In the realm of video, I’m fast becoming a fossil. I’m not still spinning VHS tapes, thankfully, although in the age of Blue Ray even my DVD players are beginning to seem like (I love this euphemism) “legacy technologies.” No, I’m a fossil because I persist in renting videos from a local video store, while almost everyone I know subscribes to Netflix.
Since 1998, Netflix has emerged as one of the leading DVD rental outfits in the United States. It has quickly distinguished itself from — and gained extraordinary ground on — its competitors by challenging video rental’s prevailing business model.
Instead of relying on a vast network of physical storefronts, à la industry leader Blockbuster, Netflix interfaces with customers exclusively online. With infrastructure consisting mostly of computer servers and regional warehouses, Netflix is a far more capital-efficient operation than its competitors.
The company’s other key innovation has been to replace the traditional video store membership program with a subscribership. For a flat monthly fee, Netflix delivers any in-stock DVDs you’ve requested straight to your door through the mail — postage paid, both ways. An added bonus is that there are no late fees.
With over 10 million customers Terrarium and more than a billion DVDs shipped thus far, it’s no wonder why Netflix has garnered so much attention. What might the publishing industry learn from the company’s success?
This probably seems like a bizarre question to ask. After all, when was the last time you or anybody you knew rented a book? And why would you even want to, given the preponderance of bookstores and public libraries?
It turns out that so-called “rental libraries” used to be a mainstay of U.S. book culture. They filled an important niche, especially during economic hard times.
The Waldenbooks chain (now owned by Borders) got its start that way, back in 1933. Founders Lawrence W. Hoyt and Melvin Kafka believed in books, but in the throes of the Great Depression, they decided against opening a retail bookstore. The pair saw books as something of a luxury, and reasoned that few people would be willing to part with what little money they had to purchase these non-essentials outright.
Like the founders of Netflix, Hoyt and Kafka bucked industry trends. They decided to set up shop in a department store in Bridgeport, CT, where they leased floor space in the hope of reducing fixed capital costs. And instead of selling books, they rented them out for three cents per day.
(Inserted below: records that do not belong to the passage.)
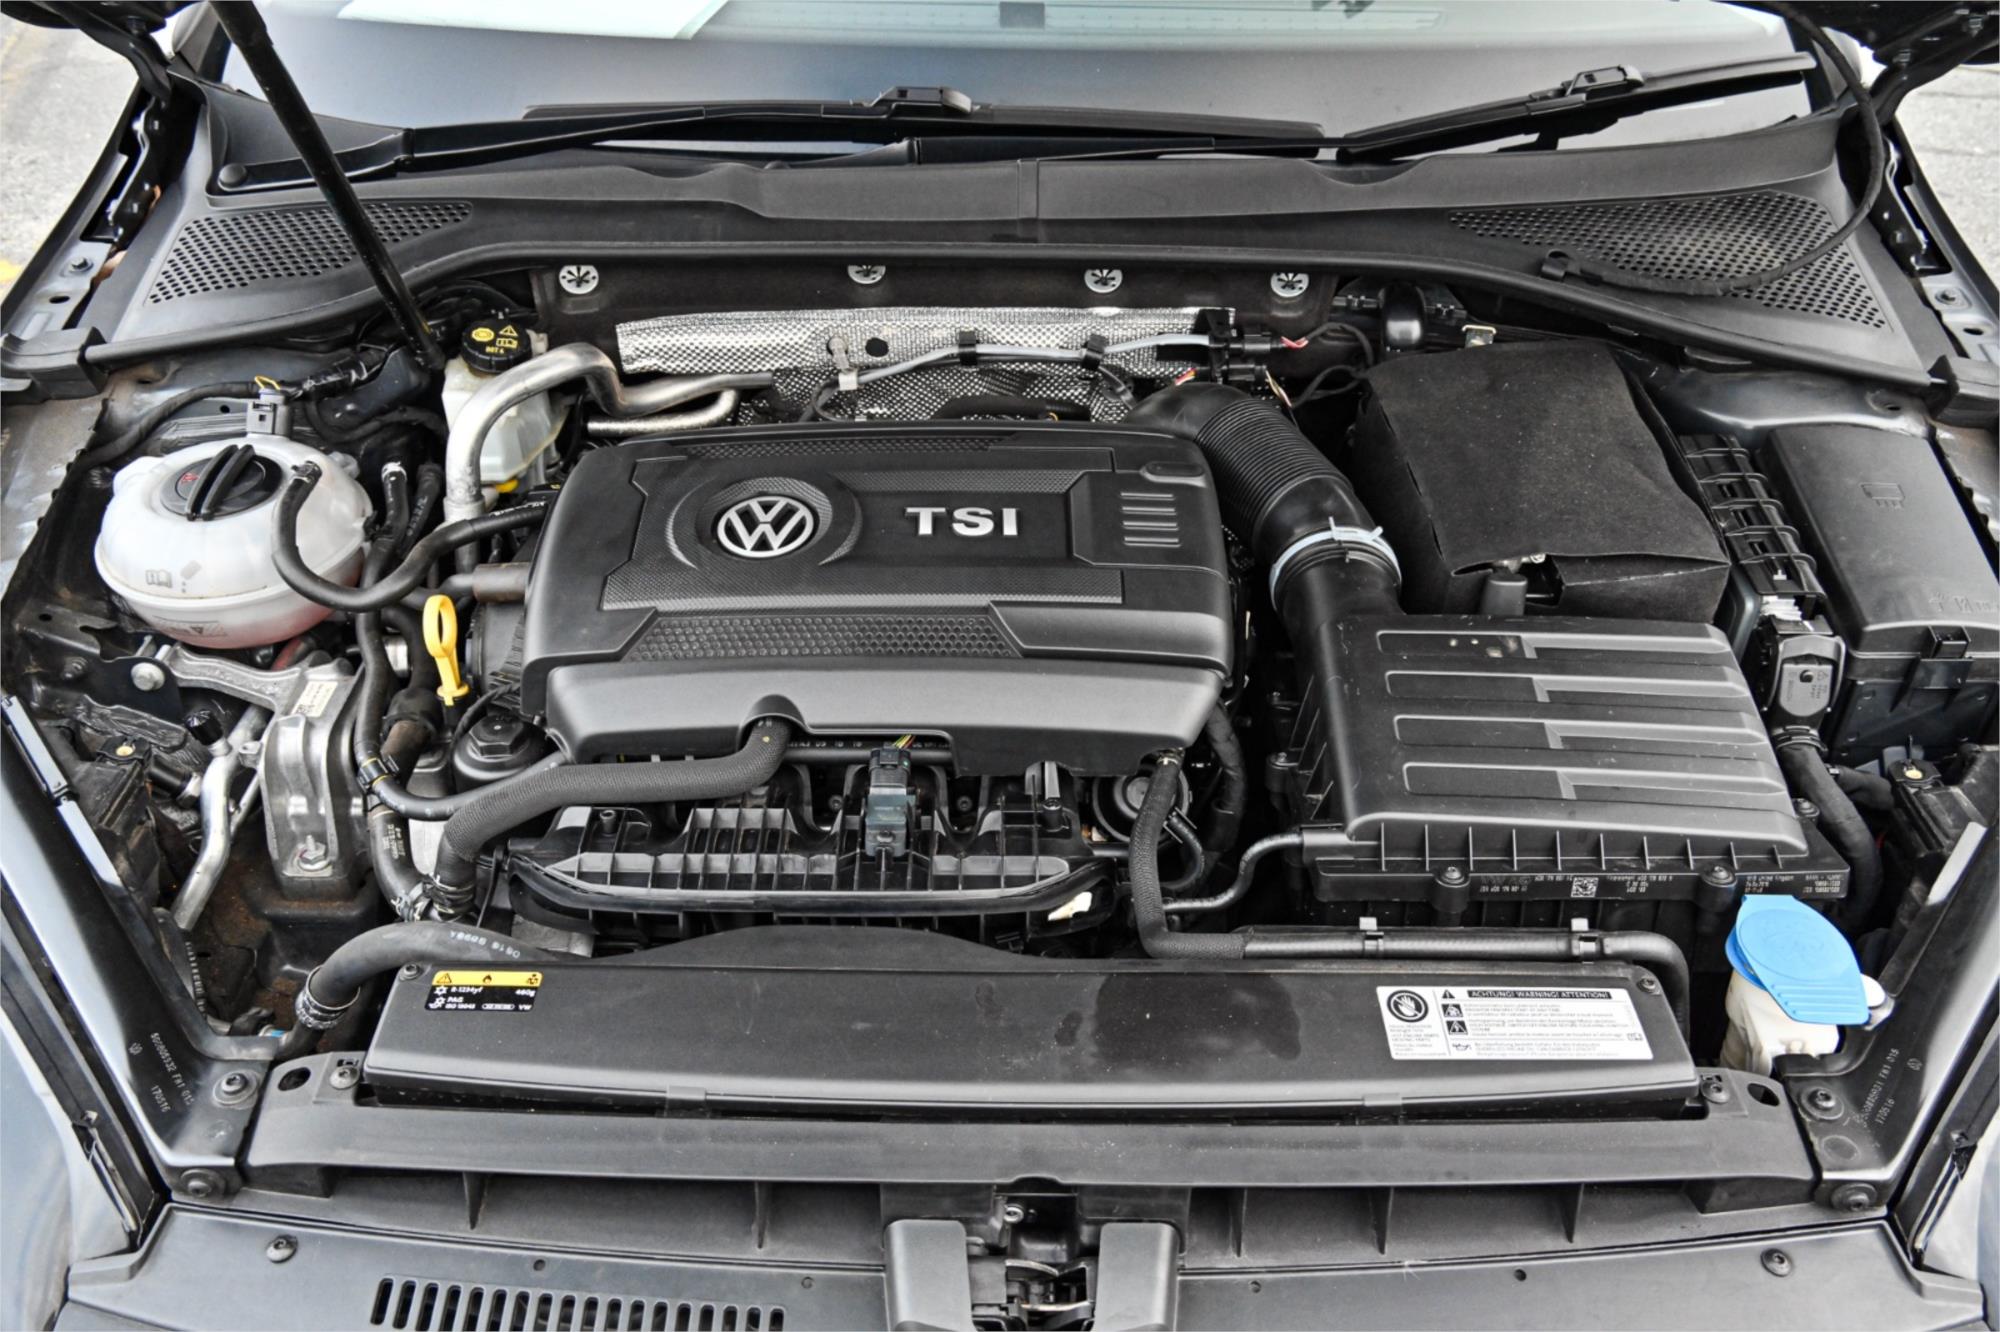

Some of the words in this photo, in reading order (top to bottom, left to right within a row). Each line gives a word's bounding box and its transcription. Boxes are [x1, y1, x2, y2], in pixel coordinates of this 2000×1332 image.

[717, 495, 815, 559] VW
[905, 506, 1019, 537] TSI
[1471, 989, 1513, 998] ACHTUNG!
[1515, 990, 1559, 999] WARNING!
[1560, 991, 1609, 999] ATTENTION!
By 1948, Hoyt and Kafka had opened as many as 250 rental libraries in department stores spanning from New York to Maine.
The rental library business declined after the Second World War. Rising wages and fuller employment meant that rental culture could once again give way to consumer culture. Waldenbooks followed the trend by introducing retail book sales in 1945, and abandoning book rentals in 1957.
Given the current economic downturn, the rampant fears of plummeting book sales, and the slashing of public library budgets, now seems like an opportune time in which to revisit the book rental option. A 21st century book rental outfit might look to the early Waldenbooks for inspiration. It would do better in the long run, however, were it to model itself on Netflix.
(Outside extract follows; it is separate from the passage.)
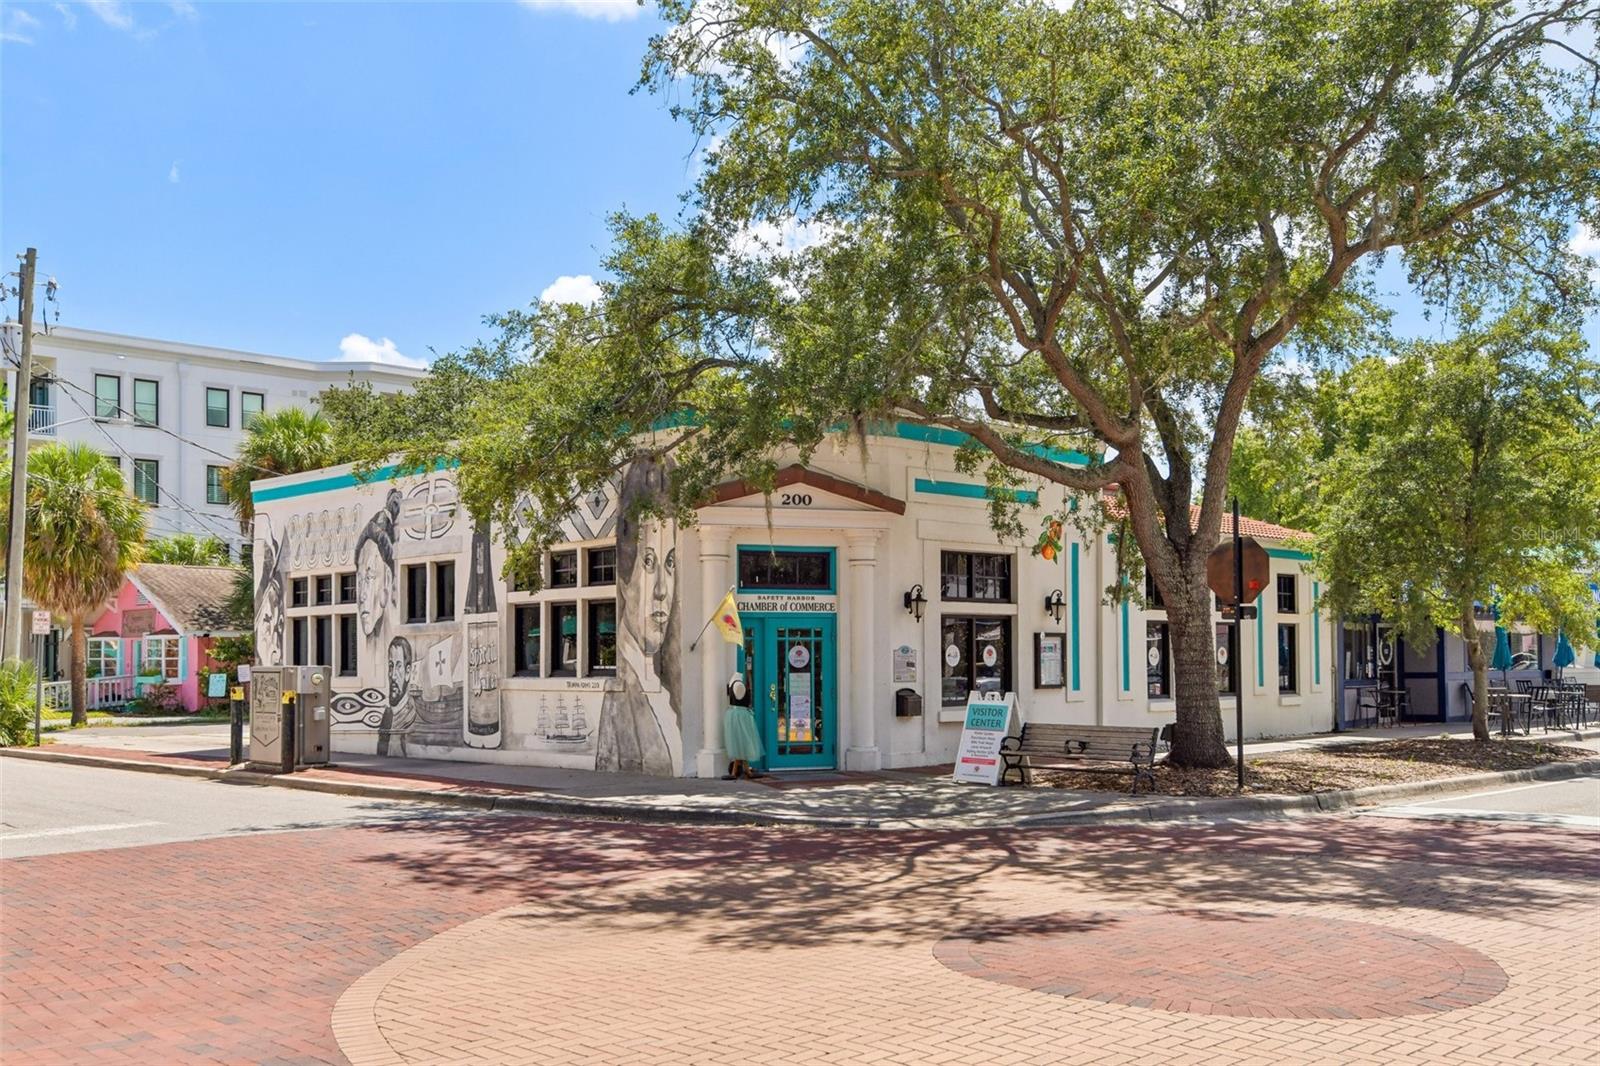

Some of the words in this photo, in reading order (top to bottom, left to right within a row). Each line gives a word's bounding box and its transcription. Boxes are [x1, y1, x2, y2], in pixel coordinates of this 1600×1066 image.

The online book rental experience — call it “Netboox” — might go something like this. You log on to the website, where you’re immediately greeted by name. If you’re a new customer, then you’re invited to sign up for an account — which is free, although you will be asked to choose from among three different monthly rental plans. The plan prices are scaled according to the number of books you expect to check out at any given time.
Netboox allows you to search for specific authors, titles, and subjects. Powerful algorithms aggregate your past selections with those of other customers, and the site makes personalized recommendations accordingly. Ordering is as easy as finding a selection and clicking the “RENT” link appearing on screen. User-generated book reviews and other interactive features round out the picture.
Most of Netboox’s infrastructure exists behind-the-scenes, like Netflix. Its distribution facilities contain none of the amenities of a retail bookstore or public library; they are nothing more and nothing less than large warehouses teeming with books, conveyors, and workers busy filling orders. And in contrast to many public libraries, new releases and bestsellers are always in ample supply. Netboox’s capital-efficiency means that an extraordinary back-list is available, too.
Could it work? I’ll leave that up to the entrepreneurs to decide — but be warned: shipping books is a whole lot more expensive than shipping DVDs! Nevertheless, history shows that something along the lines of Netboox has worked in the past. Perhaps it may work again today.